Originally published at: Micrometeoriod strikes cause "significant uncorrectable change" to the Webb Space Telescope | Boing Boing
…
What a shame
Buffing it out is easy, but the service call is expensive!
in the headline shouldn’t it be ROID and not RIOD?
Not terribly important, but amusing: Shutterstock made an interesting artistic choice with this illustration, considering it was a million miles away from earth before it was in this configuration.
Obviously this was a counter-surveillance strike by unknown enemies in one of those thousand or so galaxies we took a picture of.
That’s not Earth. This is an unintentionally released top secret photo of a stealth Death Star. The JWST has a secret double mission to photograph it. The info wasn’t supposed to get out, but you know how hard it is to keep secrets like that.

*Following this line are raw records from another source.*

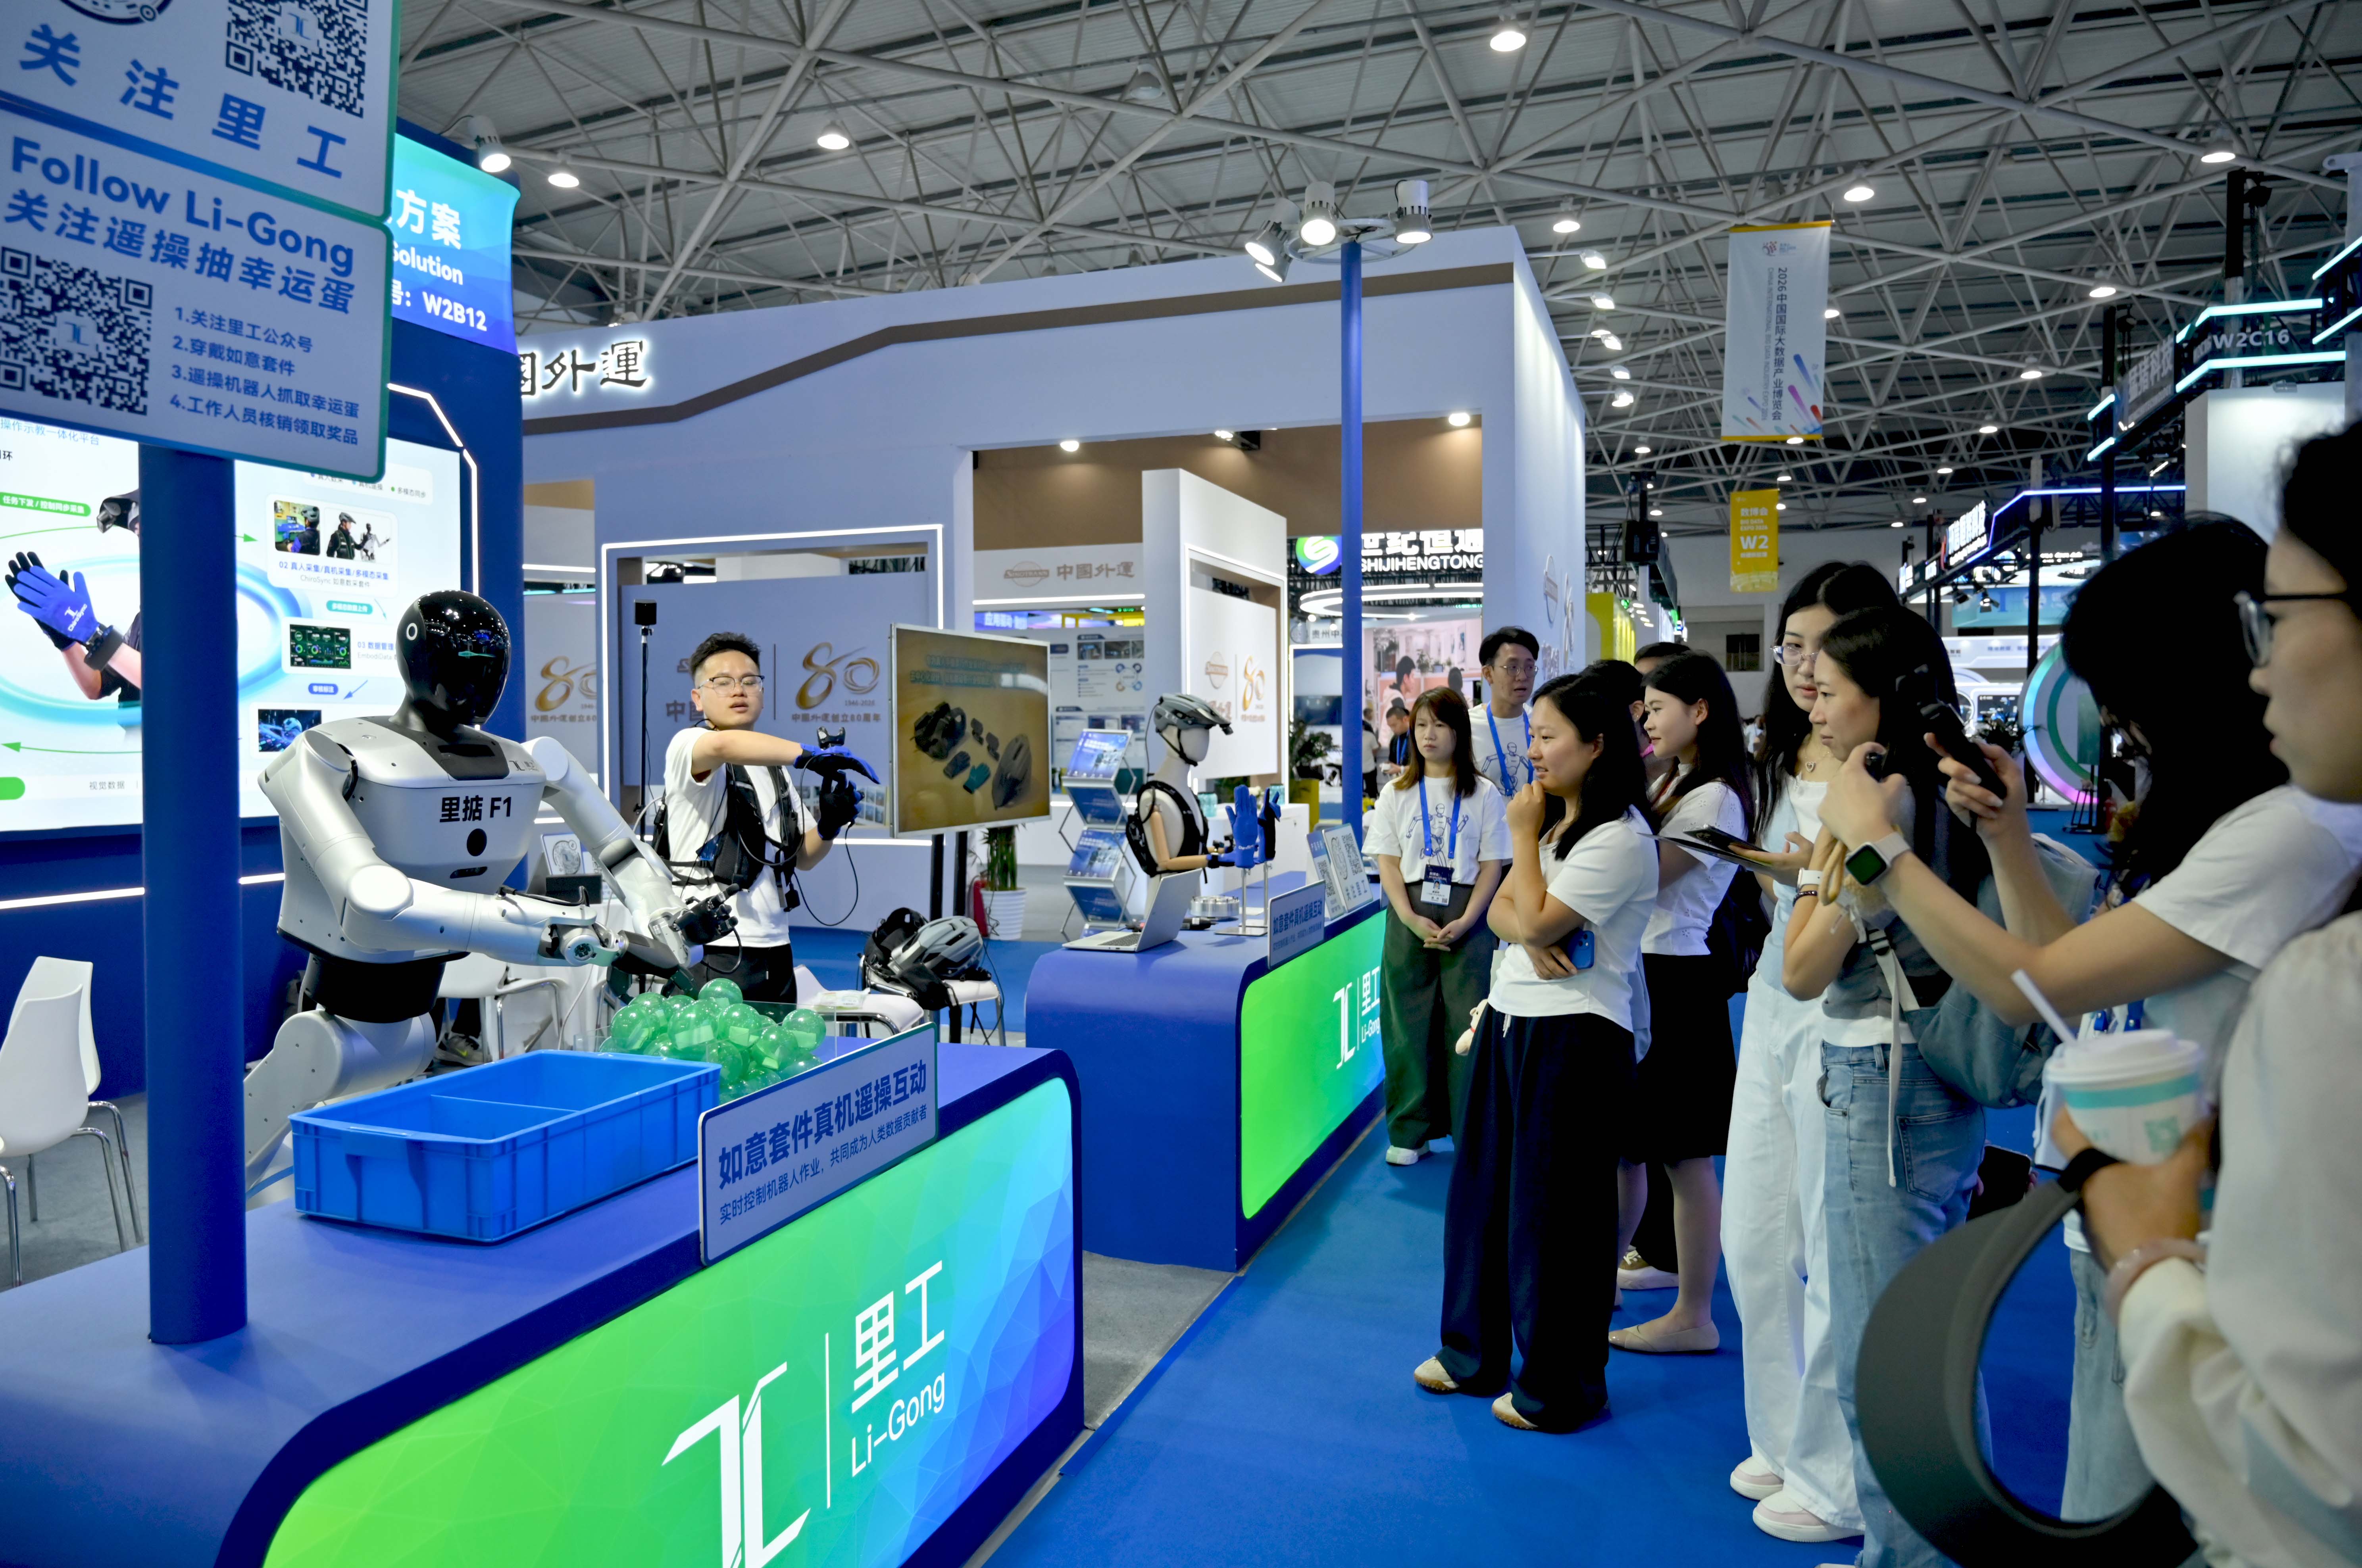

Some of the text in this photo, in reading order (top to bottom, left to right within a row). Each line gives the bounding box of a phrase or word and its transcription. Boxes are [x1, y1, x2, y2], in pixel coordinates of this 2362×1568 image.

[19, 24, 346, 179] 关注里工
[12, 137, 353, 276] Follow Li-Gong
[387, 189, 462, 250] 方案
[5, 189, 354, 314] 关注遥操抽幸运蛋
[175, 307, 313, 353] 1.关注里工公众号
[2213, 329, 2289, 349] W2C16
[173, 336, 295, 376] 2.穿戴如意套件
[172, 365, 359, 419] 3.遥操机器人抓取幸运蛋
[170, 394, 358, 445] 4.工作人员核销领取奖品
[0, 450, 13, 461] 环
[1362, 554, 1483, 572] SHIJIHENGTONG
[1740, 535, 1768, 550] W2
[1312, 630, 1342, 638] 贵州中
[89, 780, 125, 791] 视觉数据
[490, 797, 511, 818] F1
[1362, 966, 1379, 1016] 里工
[719, 1060, 927, 1189] 如意套件真机遥操互动
[720, 1104, 927, 1225] 实时控制机器人作业，共同成为人类数据贡献者
[852, 1261, 944, 1414] 里工
[852, 1373, 945, 1477] Li-Gong

Great now we have bird strikes in space. Space birds that are still not real even though these “birds” come from an alien government.
Hurry up with the pictures already!
Hmmm. IMO, this might be one of the few times where Betteridge’s law does not apply.
The significant extension to the JWST service life may not come true.
Let’s hope not.
Astronomers have been dealing with these incidents for a while now.
These aren’t the ROIDs you’re looking for.
The article seems to agree.
“Already we have stood on the shoulders of giants like the Hubble and Spitzer space telescopes, and seen farther,” John Mather, a senior project scientist for the JWST at NASA’s Goddard Space Flight Center, said in a statement. “We have seen distant galaxies, as they were when the universe was less than a billion years old, and we’re just beginning the search. We have seen galaxies colliding and merging, revealing their chemical secrets.”
…
“We know the Webb images will rewrite our textbooks, and we hope for a new discovery, something so important that our view of the universe will be overturned once again.”
I want to see a massive radio telescope in space. The “mirror” for a radio telescopes can have many significant holes and work just fine. Plus JWST has proven complex shapes of fabric can be unfolded in space after launch.
I doubt any insurance company was willing to offer comprehensive coverage so we can only hope it lasts a nice long while.
A joke, I know; but I suspect that buffing one of these out would suck.
You’ve got the structural component, a sheet of beryllium with stiffening ribs(at least the risk of dust inhalation is probably pretty low in a space suit), 100nm of gold; and a protective silicon dioxide layer of unspecified thickness.
Any attempt to buff would probably toast the coating and set you back to the fine polishing step; once you’d done that and re-flattened everything it would then be left as an exercise for the reader to set up vacuum vapor deposition of a new gold/silicon dioxide coating, in space, without perturbing the other mirror elements or damaging the focusing actuators.
Anyone who could pull that off would definitely deserve the Golden Slide Rule for audacity in engineering, with distinction; but it would be a deeply nontrivial operation.
Both are cool but the moon based one is more appealing to me. Thanks for the links!